Postal de un mundo infectado: coronavirus para ricos, coronavirus para pobres

La paradoja de la marginalidad en Ciudad de México: la aporofobia como una barrera contra los contagios del coronavirus

Foto: Una cola en Tijuana, México. (Reuters)
Una cola en Tijuana, México. (Reuters)

Son las 12:00 de la tarde de un lunes y Toño, sentado en una de las pocas aceras que hay en su pueblo, mira la vida pasar. No lleva la mascarilla puesta y se ríe del destino. Dice que ambos los lleva en el bolsillo. Él mide más de 1.80 metros y tiene la piel curtida por el sol. A sus 60 años, aún le queda un par de dientes y dice, mirando fijamente a los ojos, que las bolsas de plástico que le cubren los pies –hinchados, tal vez por alguna enfermedad o por el alcohol– son porque alguien le “lanzó una maldición”. Uno de sus vecinos cuenta que en su juventud él era capaz de levantar y cargar rocas inmensas para construir muchas de las casitas de su pueblo, uno que se pierde entre las verdes montañas de coníferas que revisten la capital mexicana. Él no teme a la pandemia: le basta con el aire tan puro que respira –asegura– para seguir fuerte y sano.

El lugar donde vive es uno de los ‘paraísos’ boscosos que rodean la Ciudad de México, donde algunos millonarios han construido clubes hípicos y casas de fin de semana. Una suerte de balneario suizo para los acaudalados de este país norteamericano. La zona se llama La Marquesa y allí las diferencias sociales son claras. Las personas visibles, como Toño, son aquellas que no pueden confinarse porque tienen que trabajar para comer (en pequeños comercios de alimentación o de herramientas de trabajo); las ‘invisibles’ permanecen dentro de sus coches de lujo o en sus ostentosas fincas y chalets. En pocas palabras, el confinamiento para las primeras significa la ruina, mientras que para las segundas es, como siempre, un 'modus vivendi'.

Foto: Trabajadores sanitarios en Milán (Italia). (EFE)

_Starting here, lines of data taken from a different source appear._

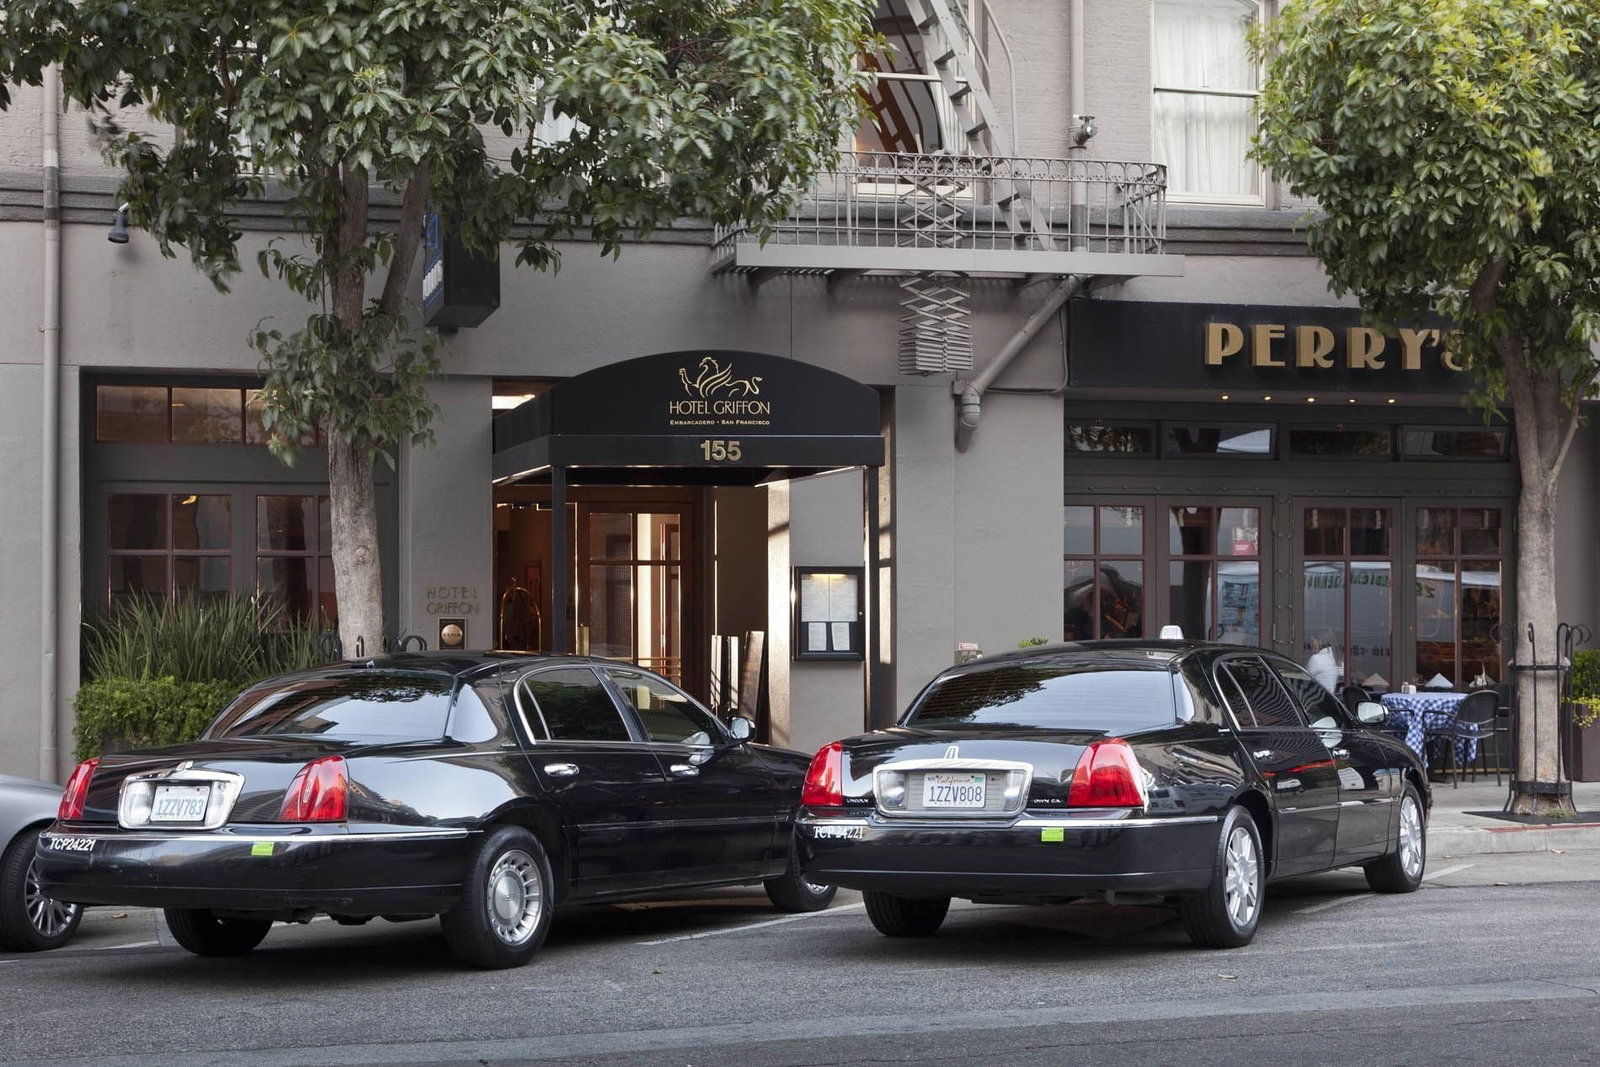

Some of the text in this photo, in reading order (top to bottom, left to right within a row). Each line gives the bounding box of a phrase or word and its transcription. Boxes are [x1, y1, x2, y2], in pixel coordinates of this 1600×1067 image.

[1204, 323, 1473, 371] PERRY'S
[669, 400, 771, 415] HOTEL GRIFFON
[700, 440, 742, 461] 155
[426, 586, 478, 600] HOTEL
[928, 785, 983, 803] 1ZZV808
[155, 798, 205, 817] 1ZZV783
[49, 838, 97, 852] TCP24221

No obstante, los domingos en La Marquesa son como una postal de los tiempos previos al coronavirus. En esa zona turística, donde miles de personas se reúnen para comer en los puestos de comida típica, jugar al fútbol, dar un paseo en un caballo alquilado o hacer senderismo, la ‘sana distancia’ y el uso de la mascarilla parecen una moda pasada. Con los dedos de la mano se pueden contar aquellos que acatan las medidas para hacer frente a la grave crisis sanitaria y económica que azota al país (se estima que la economía mexicana no recuperará a niveles previos a la pandemia hasta 2023).

La pandemia, una moneda de dos caras

A 30 kilómetros de allí, continuando por la carretera que conecta la Ciudad de México con el Paseo Tollocan –uno de los principales polos industriales del país, donde los incontables restaurantes, asadores, concesionarias de autos de lujo, cafés y chiringuitos de comida callejera funcionan sin parar– está Metepec. Este municipio del Estado de México, hermanado con la localidad madrileña de Villanueva de la Cañada, está entre los 10 más nivel de vida de México. Y allí la realidad, como siempre en el país azteca, parece una moneda con dos caras: una para los ricos y otra para los pobres.

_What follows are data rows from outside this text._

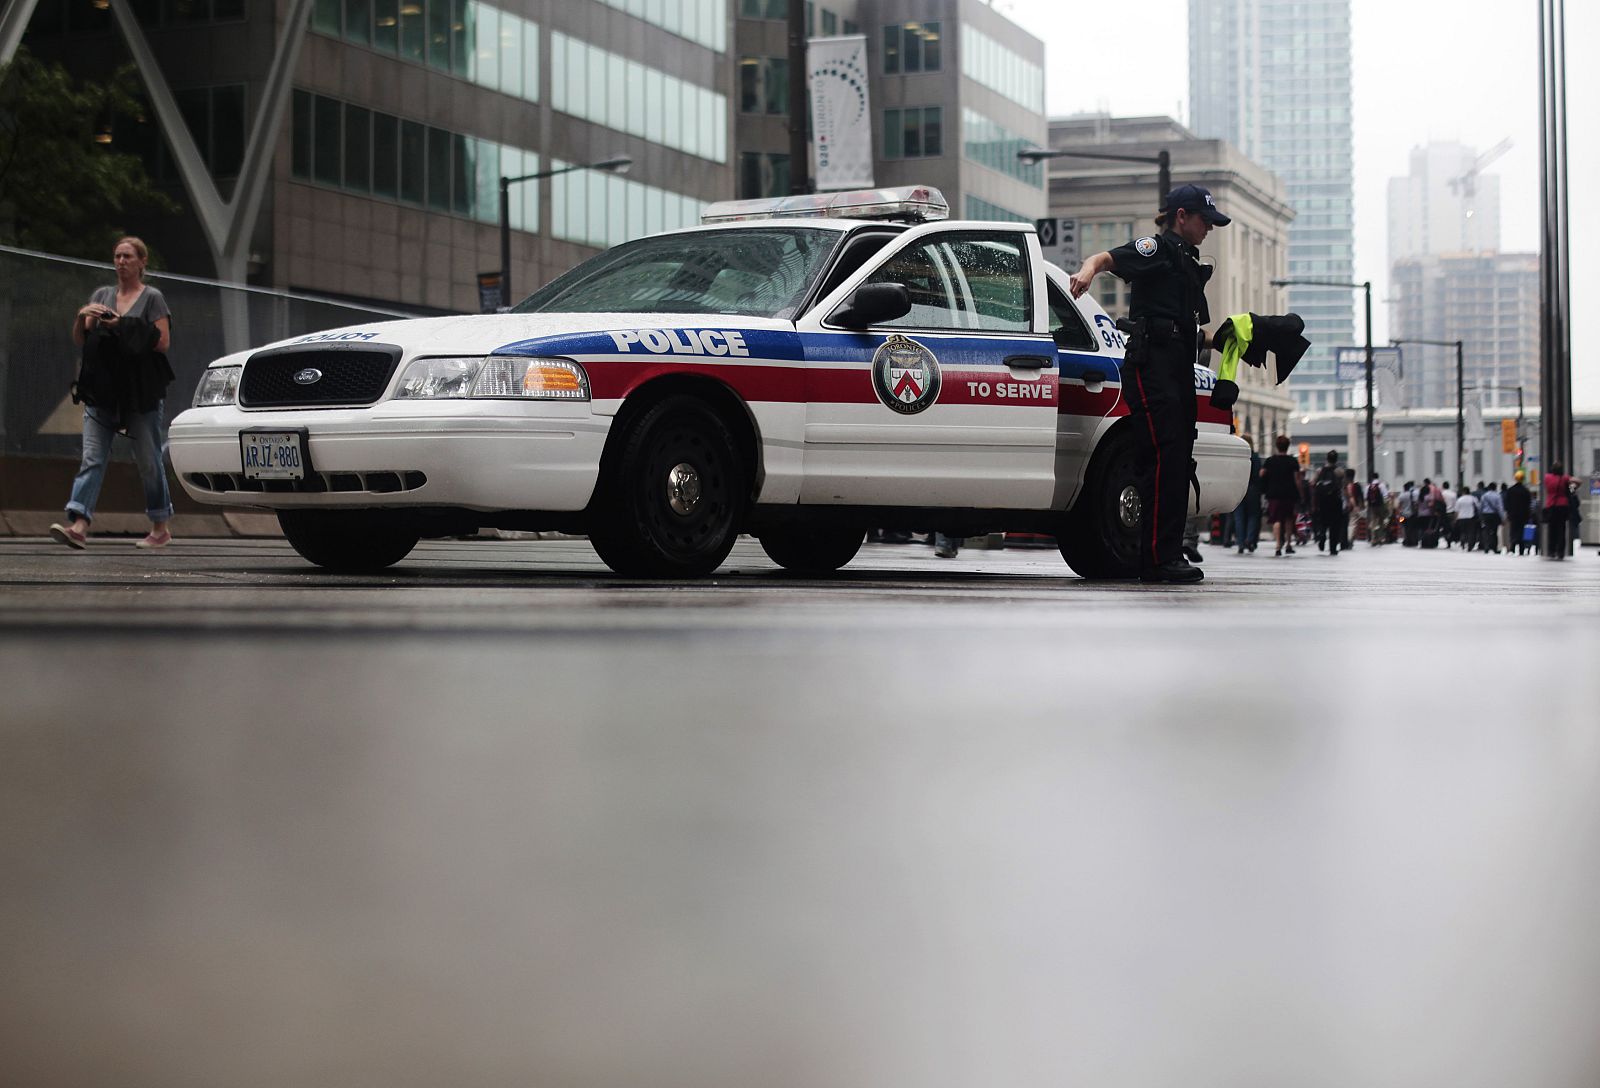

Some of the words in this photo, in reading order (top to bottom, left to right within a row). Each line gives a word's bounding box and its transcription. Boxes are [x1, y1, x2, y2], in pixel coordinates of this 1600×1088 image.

[608, 329, 749, 356] POLICE
[887, 343, 922, 354] TORONTO
[299, 371, 314, 381] Ford
[967, 382, 991, 397] TO
[996, 383, 1052, 399] SERVE
[895, 402, 920, 412] POLICE
[246, 444, 273, 467] ARJZ
[279, 446, 299, 467] 880

placeholder Un supermercado en México. (EFE)
Un supermercado en México. (EFE)

En esa microciudad, para entrar al famoso supermercado estadounidense Costco, las medidas de seguridad contra el covid-19 son las mismas que en una ciudad europea: distancia obligatoria de 1,5 metros, dispensadores con gel, moquetas desinfectantes, aforo limitado, etc. Sin embargo, en las calles aledañas a los centros comerciales, la realidad se muestra cruda, indigerible y sin filtros: decenas de menores de edad marginados limpian los parabrisas de los coches a cambio de alguna moneda.

“¿Por qué no llevas puesta la mascarilla?”, le pregunto a una adolescente que lleva un niño a cuestas y pide limosna. Ella, que vive en la calle, dice algo que suena a ‘gracias’. El pequeño parece insolado. “Ellos no hablan español”, grita un peatón en tono burlón.

- ¿Hablas español?

- Gracias, responde ella, de nuevo.

La paradoja de la marginalidad: la aporofobia como una barrera contra los contagios. Nadie sabe cuántos son, ni cuántos de ellos se han contagiado. Tampoco, cuántos han muerto. Nadie los contó y nadie los quiere ver. En México no existen cifras sobre cuántas personas viven prolongadamente en la calle. El único dato que pulula por la red es de 2017 y sólo refiere a la capital del país: 6,754. Pero sólo es una estimación.

Ali Ruíz Coronel, investigadora del Instituto de Investigaciones Sociales de la UNAM y experta en poblaciones vulnerables en América Latina, cuenta a El Confidencial que, paradójicamente, ha sido el aislamiento causado por el rechazo social hacia las personas marginadas lo que ha creado una suerte de ‘barrera de contención’ contra el azote pandémico. “Siempre han sido rechazadas, pero ahora, debido a esta crisis sanitaria y económica, mucha gente ha tenido finalmente una ‘justificación’ para hacerlo abiertamente”, dice, y añade, “Ahora ya no es políticamente incorrecto darte la vuelta, o cambiar de acera, cuando hay un ‘sintecho’ en el camino. Tampoco negarles una moneda por miedo a tocarlos. Y, la verdad, pese a todo pronóstico, eso ha funcionando para contener los contagios. Ese aislamiento, causado por la segregación, irónicamente, los ha protegido. La distancia social, a mi parecer, es lo único que ha funcionado contra la pandemia”.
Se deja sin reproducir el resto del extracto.